REQUIRED ACTION: Copy everything in the records exactly; the pictures stay out.

DATA IN THIS EXERCISE:
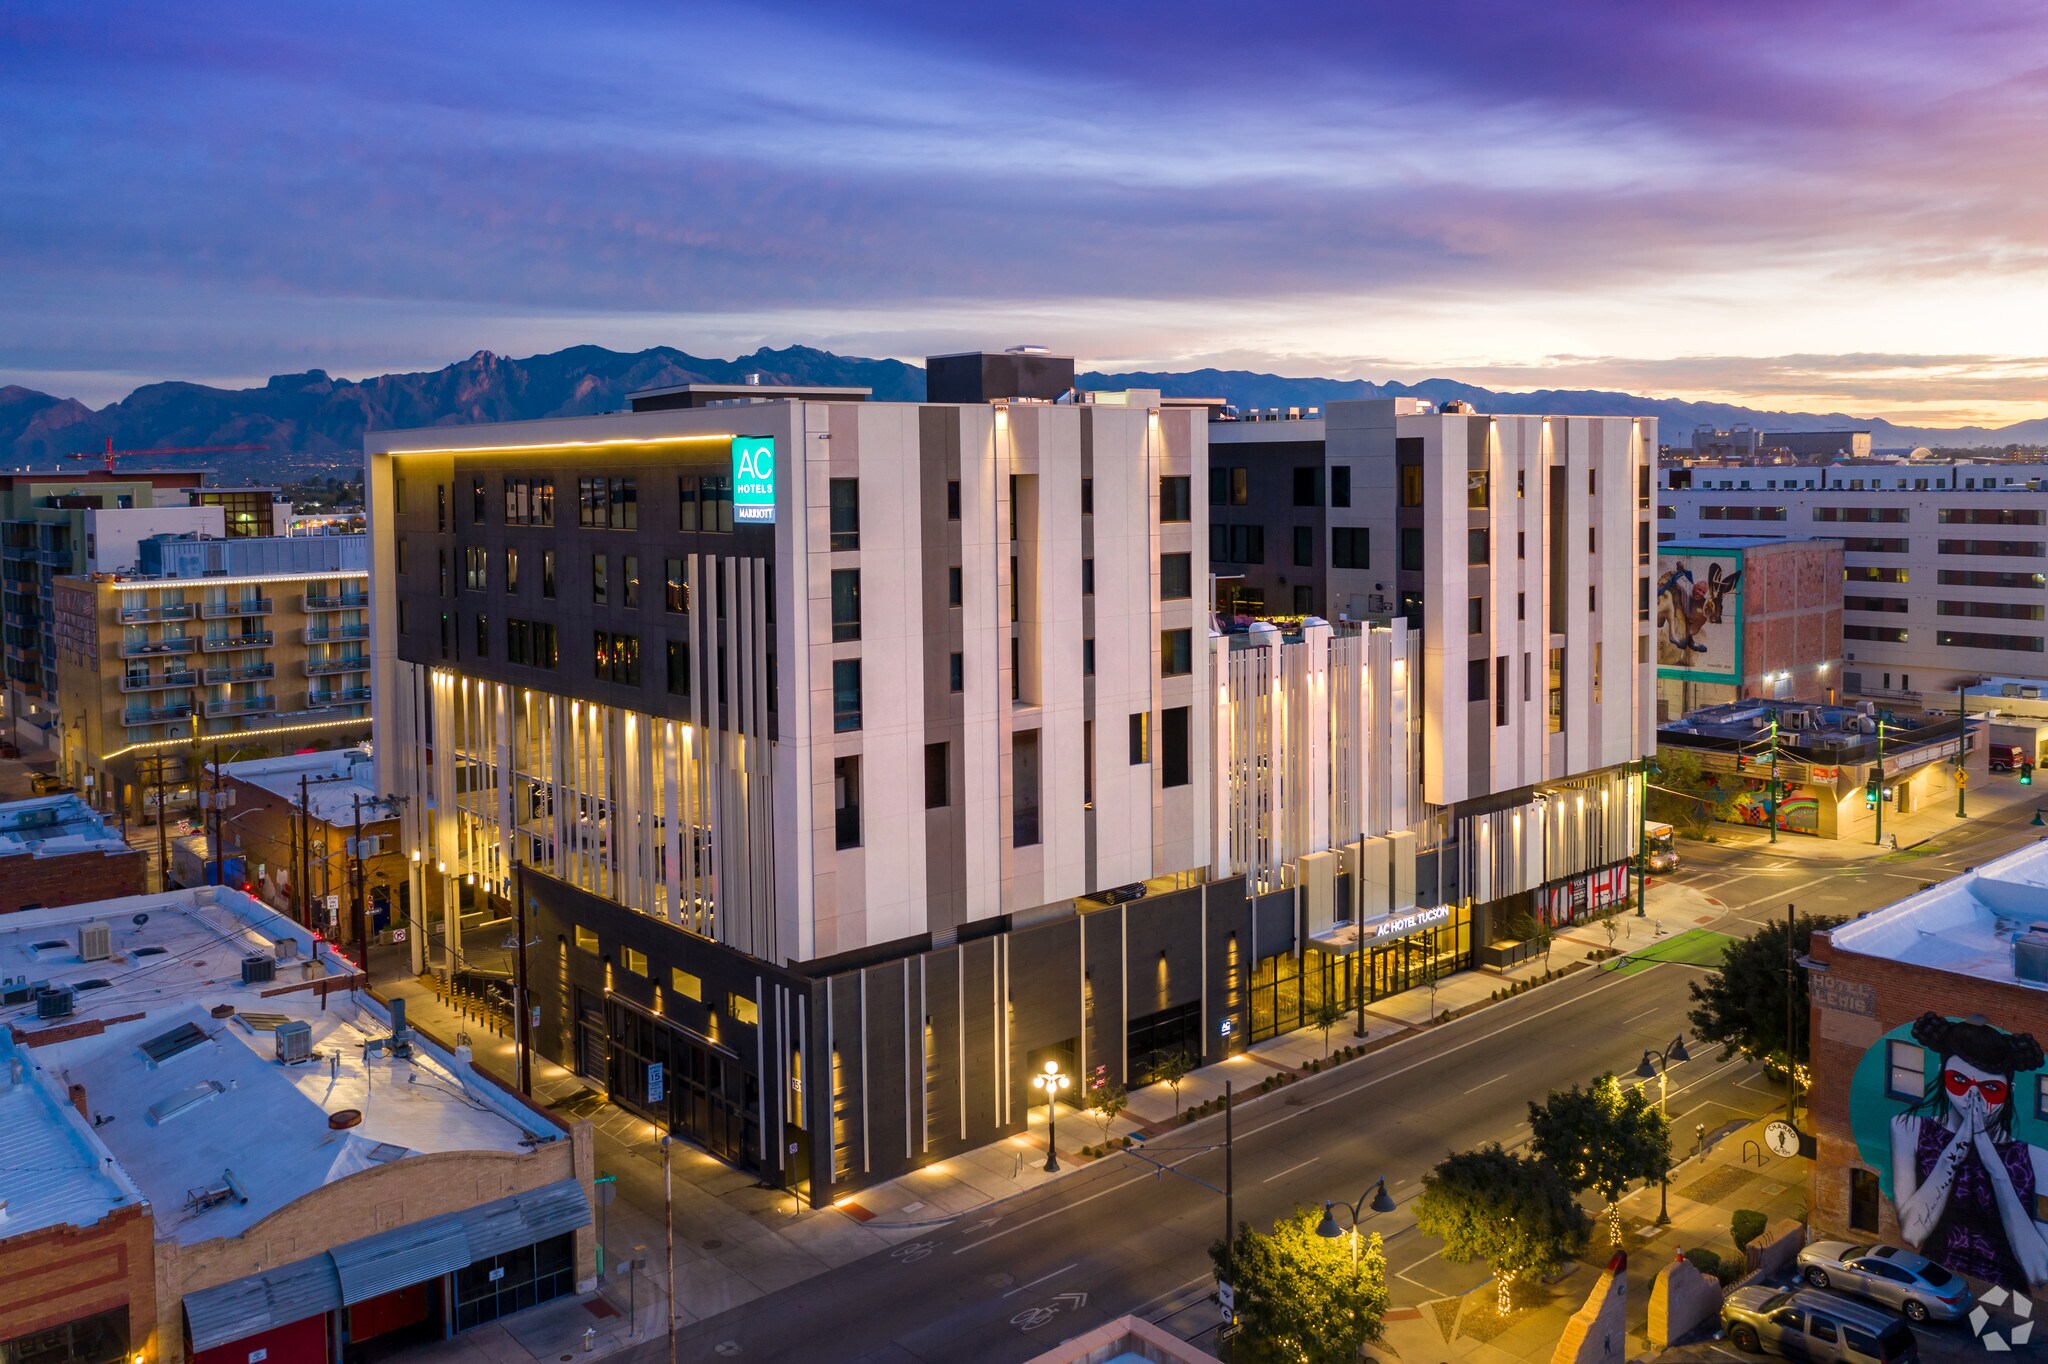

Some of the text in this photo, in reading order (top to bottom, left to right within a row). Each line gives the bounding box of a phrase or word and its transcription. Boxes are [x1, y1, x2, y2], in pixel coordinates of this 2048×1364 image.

[737, 447, 772, 480] AC
[737, 484, 773, 494] HOTELS
[739, 508, 773, 519] MARRIOTT
[1573, 878, 1586, 887] VOLK
[1377, 905, 1449, 936] AC HOTEL TUCSON
[651, 1072, 661, 1081] 15
[1768, 1124, 1796, 1138] CHARRO
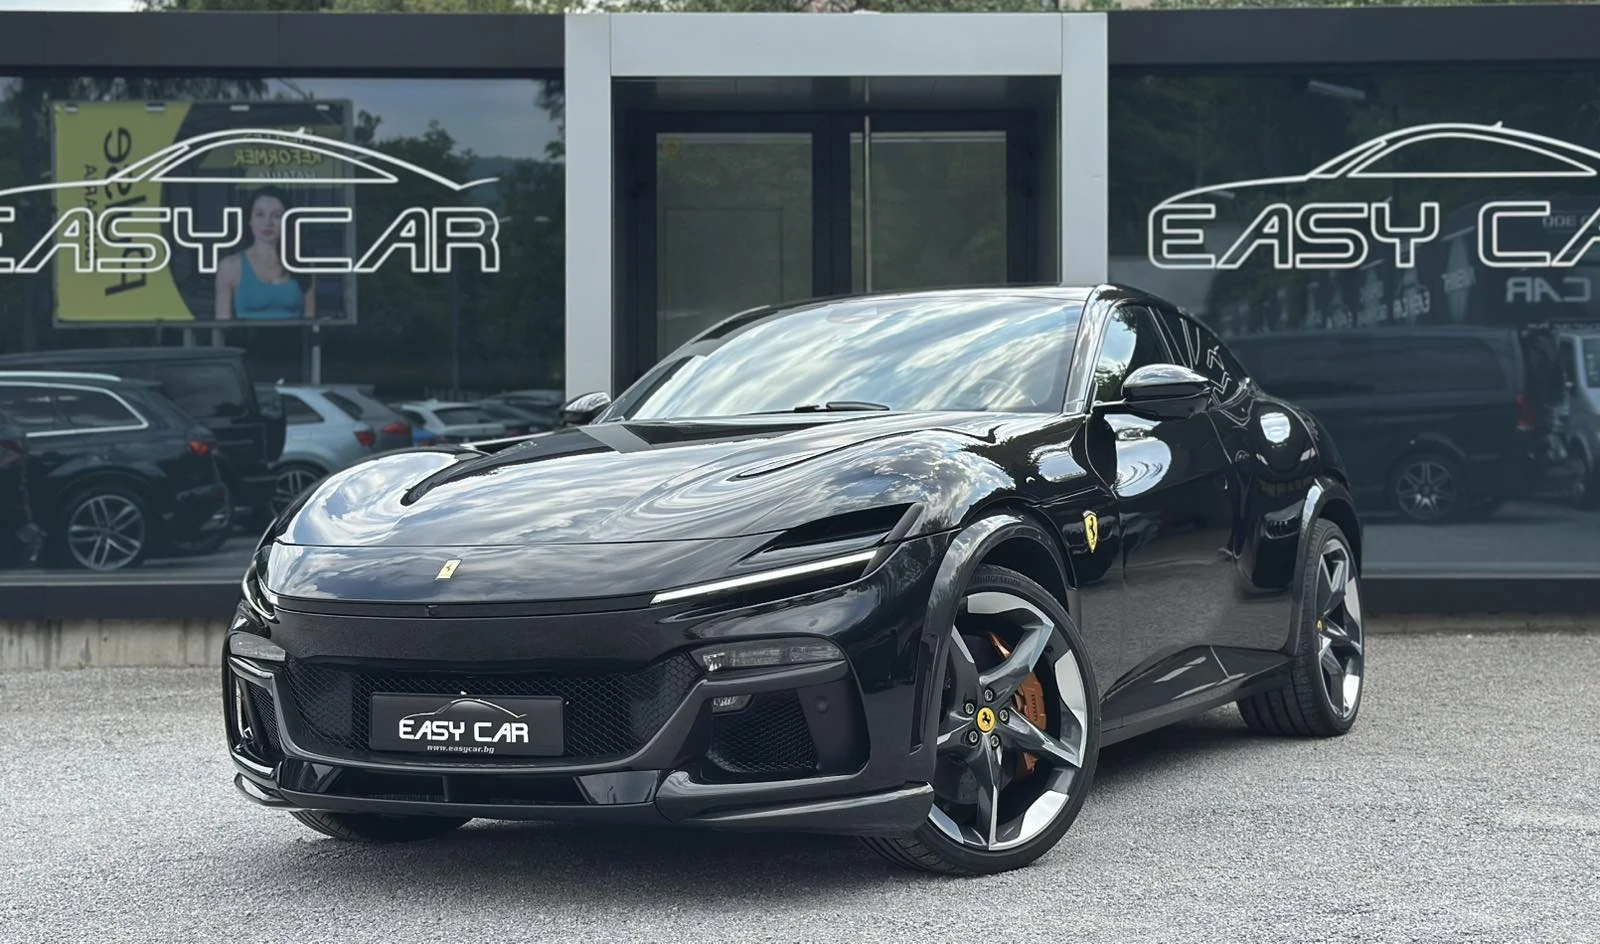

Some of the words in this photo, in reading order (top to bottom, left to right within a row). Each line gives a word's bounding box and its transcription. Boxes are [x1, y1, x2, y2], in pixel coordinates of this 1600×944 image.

[0, 207, 243, 273] ASY
[281, 207, 500, 273] CAR
[1148, 201, 1440, 269] EASY
[399, 720, 465, 741] EASY
[474, 721, 529, 743] CAR
[427, 744, 494, 754] www.easycar.bg

RESPONSE BOX:
Some of the text in this photo, in reading order (top to bottom, left to right within a row). Each line gives the bounding box of a phrase or word and its transcription. Boxes are [x1, y1, x2, y2], in pixel coordinates of this 2048×1364 image.

[737, 447, 772, 480] AC
[737, 484, 773, 494] HOTELS
[739, 508, 773, 519] MARRIOTT
[1573, 878, 1586, 887] VOLK
[1377, 905, 1449, 936] AC HOTEL TUCSON
[651, 1072, 661, 1081] 15
[1768, 1124, 1796, 1138] CHARRO

Some of the words in this photo, in reading order (top to bottom, left to right within a row). Each line gives a word's bounding box and its transcription. Boxes are [x1, y1, x2, y2], in pixel coordinates of this 1600×944 image.

[0, 207, 243, 273] ASY
[281, 207, 500, 273] CAR
[1148, 201, 1440, 269] EASY
[399, 720, 465, 741] EASY
[474, 721, 529, 743] CAR
[427, 744, 494, 754] www.easycar.bg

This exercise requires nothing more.